В Совке, вернее, в неприкаянном осколке
Совка с названьем Незалежна Україна –
где не живут уже ни Анна, ни Марина,
и только мартовский надлом корявой стужи
лежит чернёным серебром на шёлке лужи.
Я верю в звезды и асфальт, в моря, в селенья,
в святую ложь, в научный факт, в приспособленья
для безопасности любви, в их бесполезность,
в кипенье стронция в крови, в свой страх и леность,
в часы, в компьютерную сеть, в завалы хлама,
в обмен жилья и просто в смерть, в плоды рекламы,
и что под действием лептонного распада
душа едва ли добирается до ада...
Что упомянутое – всё – не так уж плохо.
Что можно в самую вульгарную эпоху
чернеть свободной переменной в предикате –
и потому сидишь нечёсана, в халате,
и карандаш острей заточишь, и не плачешь.
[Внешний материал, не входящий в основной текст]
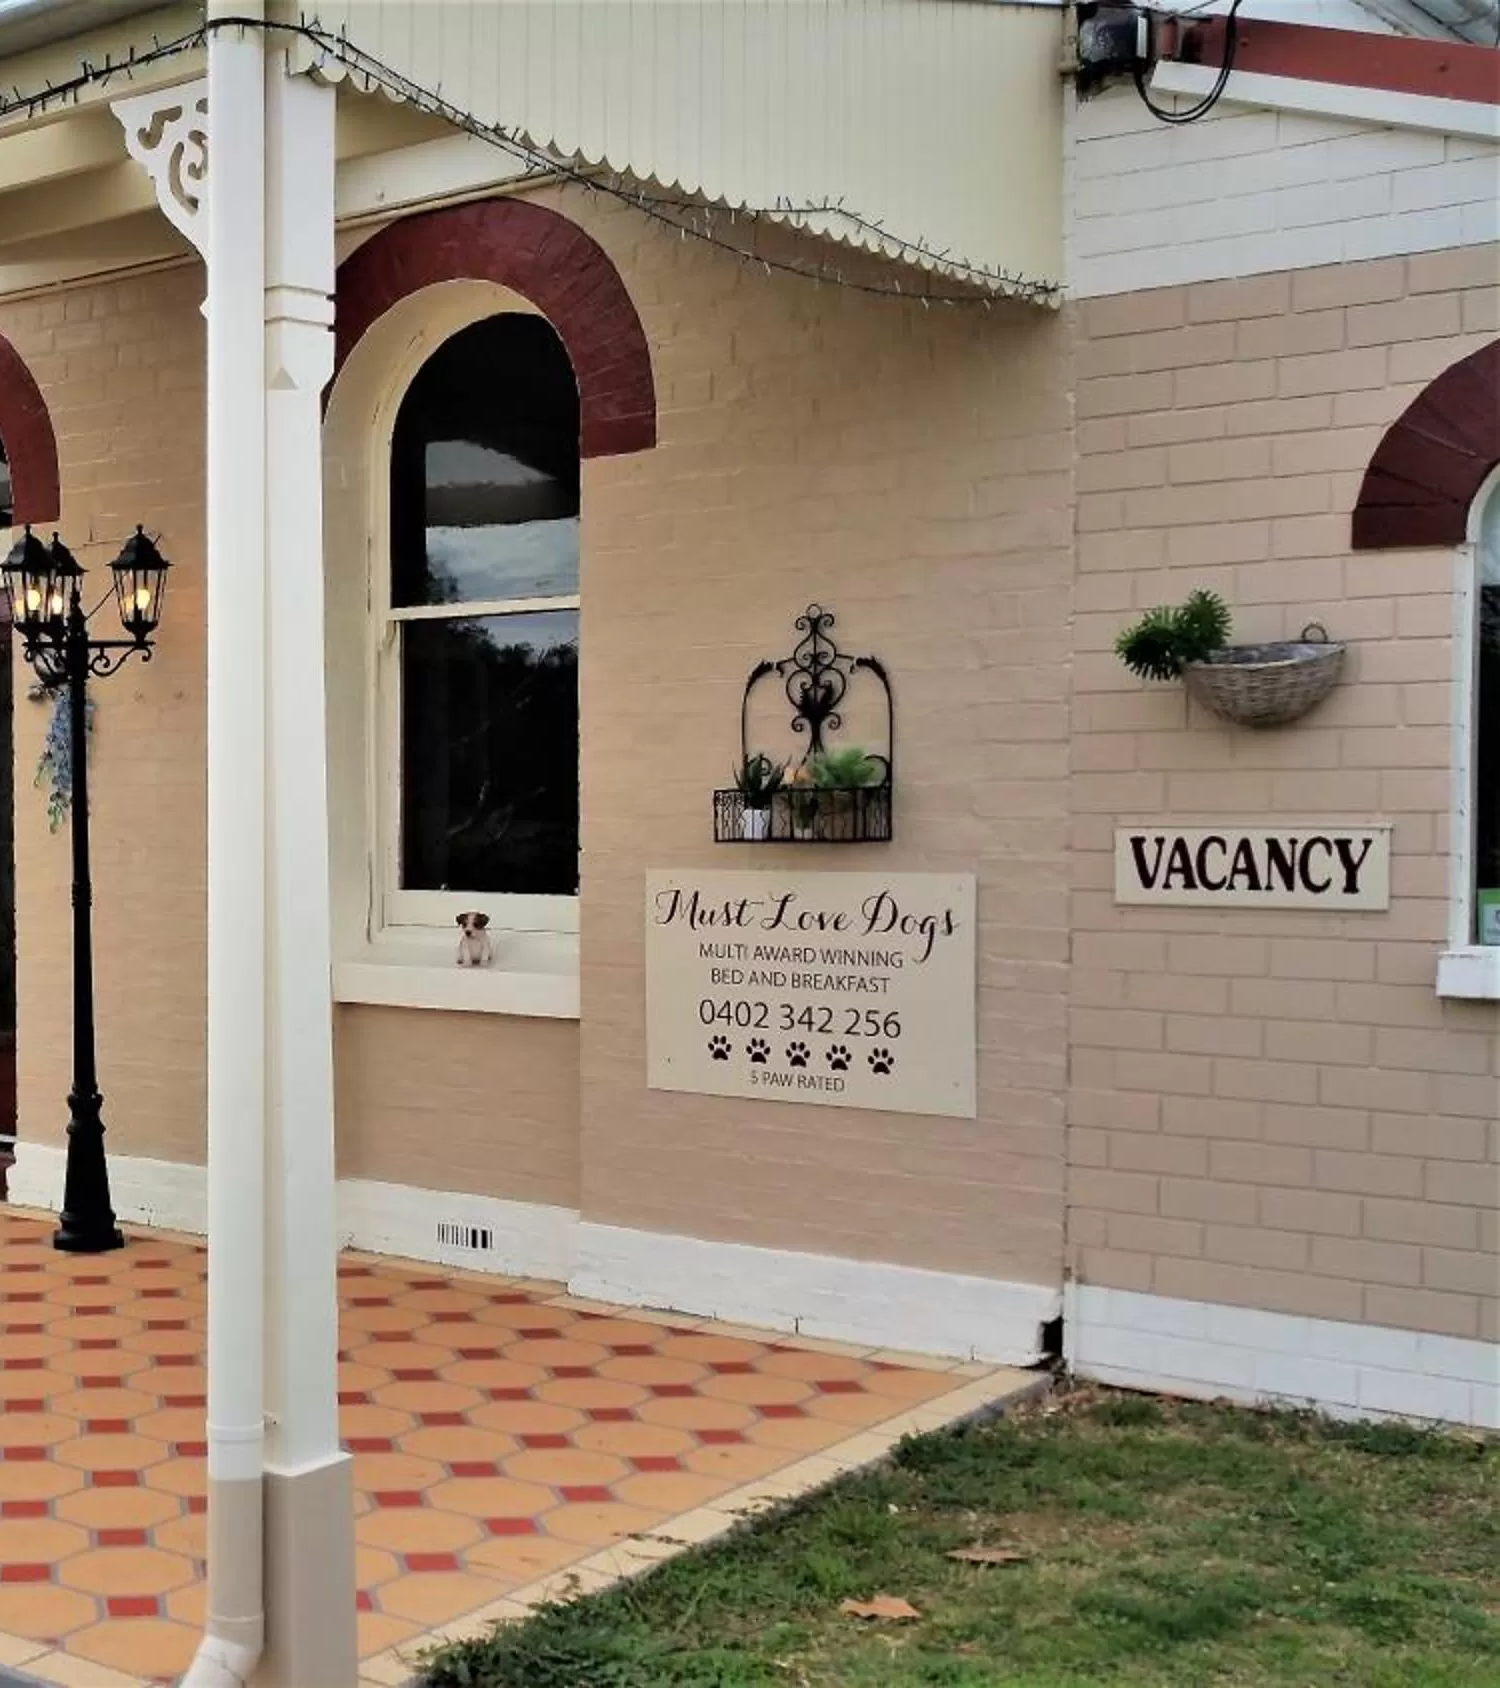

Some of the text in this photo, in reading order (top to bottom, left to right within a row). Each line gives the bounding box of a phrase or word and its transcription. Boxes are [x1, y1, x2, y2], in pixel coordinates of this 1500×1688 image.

[1129, 835, 1373, 894] VACANCY
[655, 888, 961, 963] Must Love Dogs
[699, 943, 903, 969] MULTI AWARD WINNING
[711, 967, 891, 994] BED AND BREAKFAST
[699, 998, 901, 1039] 0402 342 256
[750, 1070, 845, 1092] 5 PAW RATED
А всё равно – хотеть не хочешь, а заплатишь
за это сходство невпопад, родство без толку,
с горбинкой нос, надменный взгляд, прямую челку!
Трезвей бокалов на столе, прочней венчанья
о сероглазом короле моё молчанье.
Но рвётся в адово кольцо сквозь лист бумаги
чрезмерно узкое лицо, подобно шпаге.